Just A Butterfly Drinking Some Turtle Tears

Butterfly kisses? Thanks, I'll pass.

When you can't find unicorn tears (and who can these days?), take a page out of the butterfly playbook and seek out the nearest turtle.

These Julia butterflies, spotted in the western Amazon, aren't just hitching a ride atop turtles. They're actually drinking the animals' tears, a startling behavior known as lachryphagy.

Julia butterflies drink turtle tears in the Amazon.

Julia butterflies drink turtle tears in the Amazon.

Credit: amalavida.tv

While Ecuador's Ministry of Tourism released this 2012 photo earlier, it's only recently gained momentum on the Internet, thanks to attention from blogs like Petapixel.

Butterflies, moths and even bees have all been known to drink turtles' tears, likely to take in much-needed sodium and other minerals the shelled creatures excrete.

Denizens of the Amazon rely heavily on global winds sweeping up nutrients from the deserts of northern Africa and then depositing them in the rainforest to fuel growth. But by the time those winds hit the western reaches of the Amazon, much of the sediment has already fallen out, forcing animals to look for minerals elsewhere.

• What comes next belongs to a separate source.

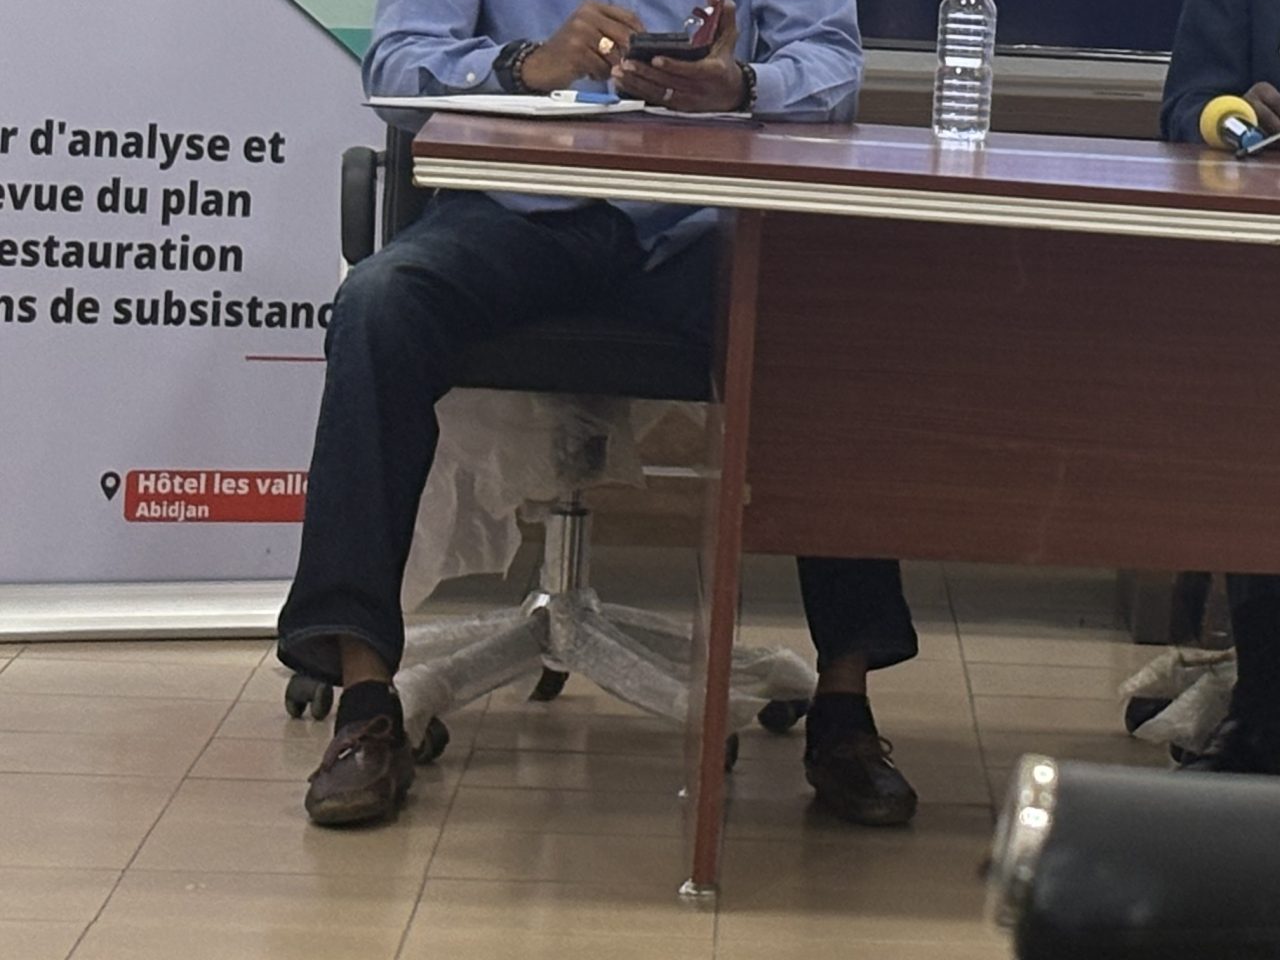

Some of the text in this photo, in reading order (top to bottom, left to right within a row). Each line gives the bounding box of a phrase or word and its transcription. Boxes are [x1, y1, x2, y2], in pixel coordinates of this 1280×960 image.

"Sodium and some of those other micronutrients are hard to find in nature," explained Carlos de la Rosa, an aquatic ecologist and director of Costa Rica's La Selva Biological Station, to National Geographic. "Butterflies and bees consume nectar, and nectar does not have a lot of salt. But they still need salt for egg production and for their metabolism."

The butterflies ingest needed minerals through the turtles' tears.

The butterflies ingest needed minerals through the turtles' tears.

Credit: amalavida.tv

Geoff Gallice, a graduate student at the Florida Museum of Natural History who has witnessed lachryphagy firsthand, told LiveScience in 2013 that butterflies don't stop at turtle tears. They often sip on animal urine, muddy river banks, sweaty clothes and sweaty people. Given the chance, butterflies will also drink crocodile tears.

Scientists agree that the unusual feeding behavior likely doesn't affect the turtles much, aside from obstructing their view of potential predators.